WHAT NEEDS TO BE DONE: Retype each line of the material below word for word; pictures stay out.
=== SUPPLIED DATA ===
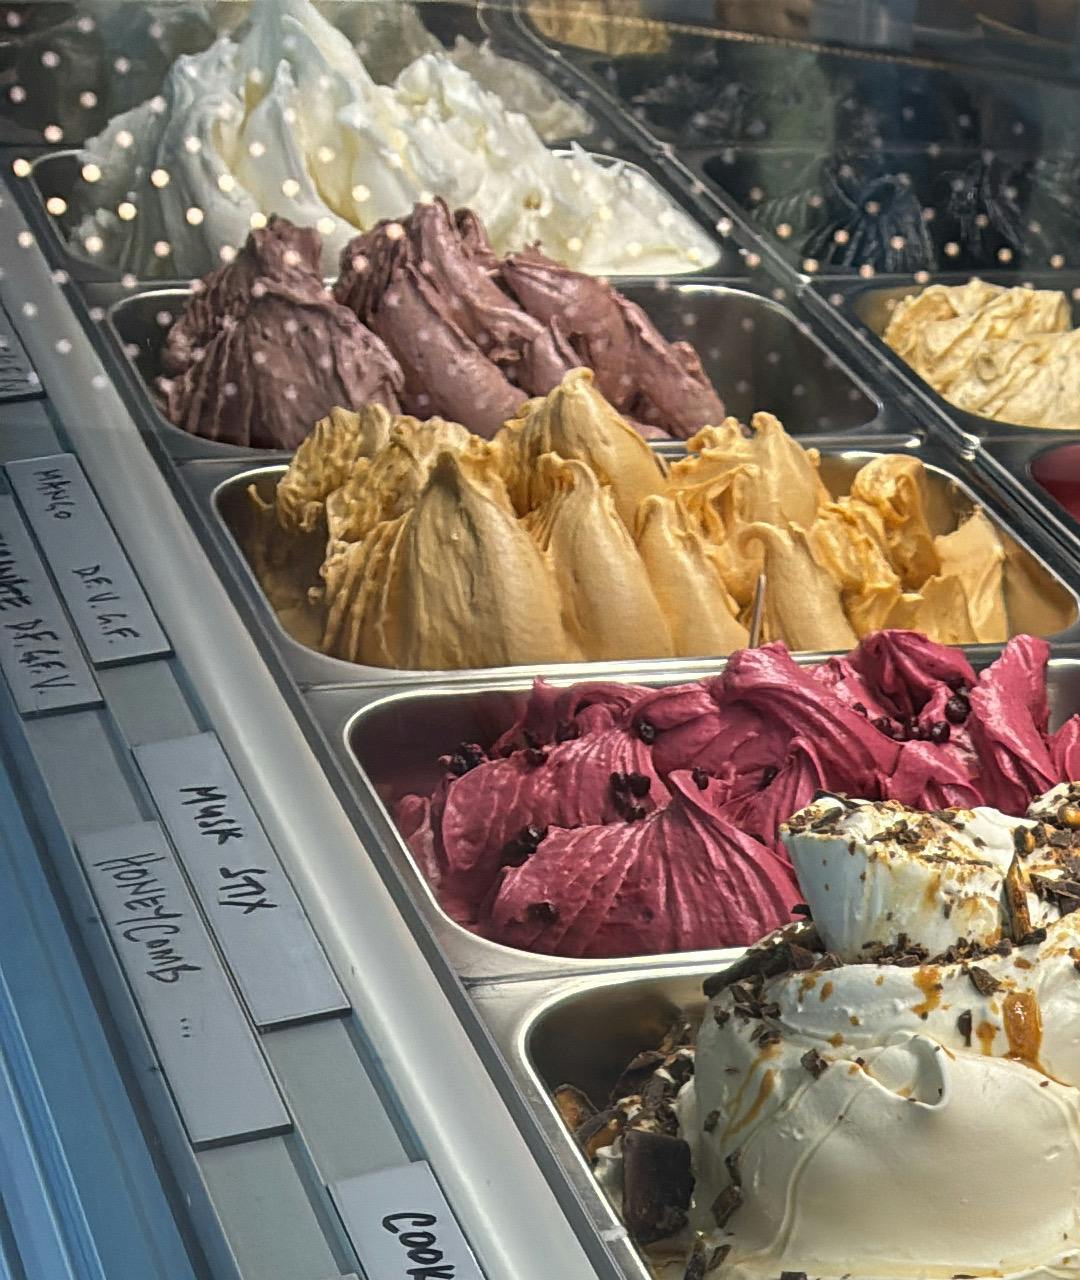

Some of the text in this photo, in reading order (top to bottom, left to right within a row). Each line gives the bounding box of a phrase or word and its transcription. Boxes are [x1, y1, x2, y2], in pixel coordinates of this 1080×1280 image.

[33, 468, 74, 519] MANGO
[179, 785, 277, 915] MUSK STIX
[94, 852, 202, 984] HONEYCOMB
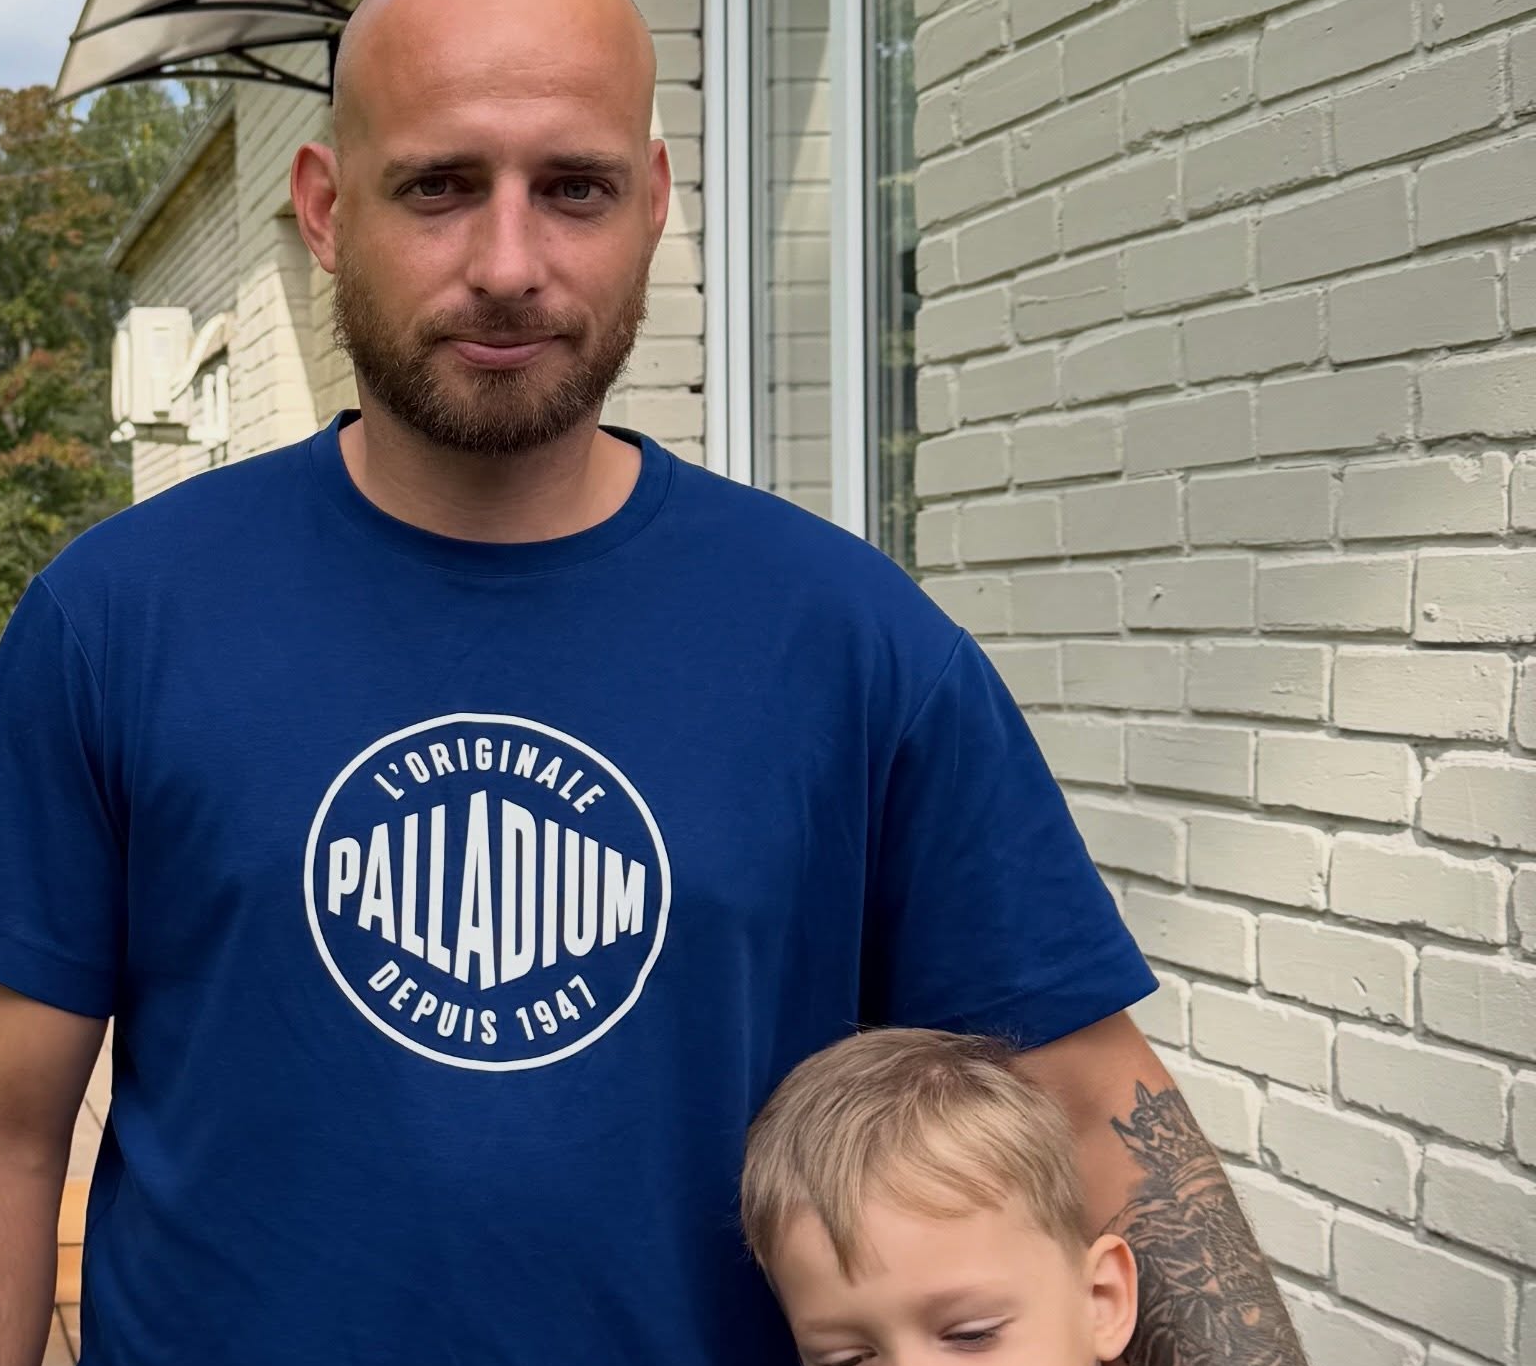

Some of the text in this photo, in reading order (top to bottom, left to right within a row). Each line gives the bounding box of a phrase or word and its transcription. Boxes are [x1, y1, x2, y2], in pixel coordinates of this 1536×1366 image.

[373, 737, 606, 814] L'ORIGINALE
[327, 789, 646, 991] PALLADIUM
[367, 959, 596, 1045] DEPUIS 1947
===
WRITTEN REPLY:
Some of the text in this photo, in reading order (top to bottom, left to right within a row). Each line gives the bounding box of a phrase or word and its transcription. Boxes are [x1, y1, x2, y2], in pixel coordinates of this 1080×1280 image.

[33, 468, 74, 519] MANGO
[179, 785, 277, 915] MUSK STIX
[94, 852, 202, 984] HONEYCOMB

Some of the text in this photo, in reading order (top to bottom, left to right within a row). Each line gives the bounding box of a phrase or word and its transcription. Boxes are [x1, y1, x2, y2], in pixel coordinates of this 1536×1366 image.

[373, 737, 606, 814] L'ORIGINALE
[327, 789, 646, 991] PALLADIUM
[367, 959, 596, 1045] DEPUIS 1947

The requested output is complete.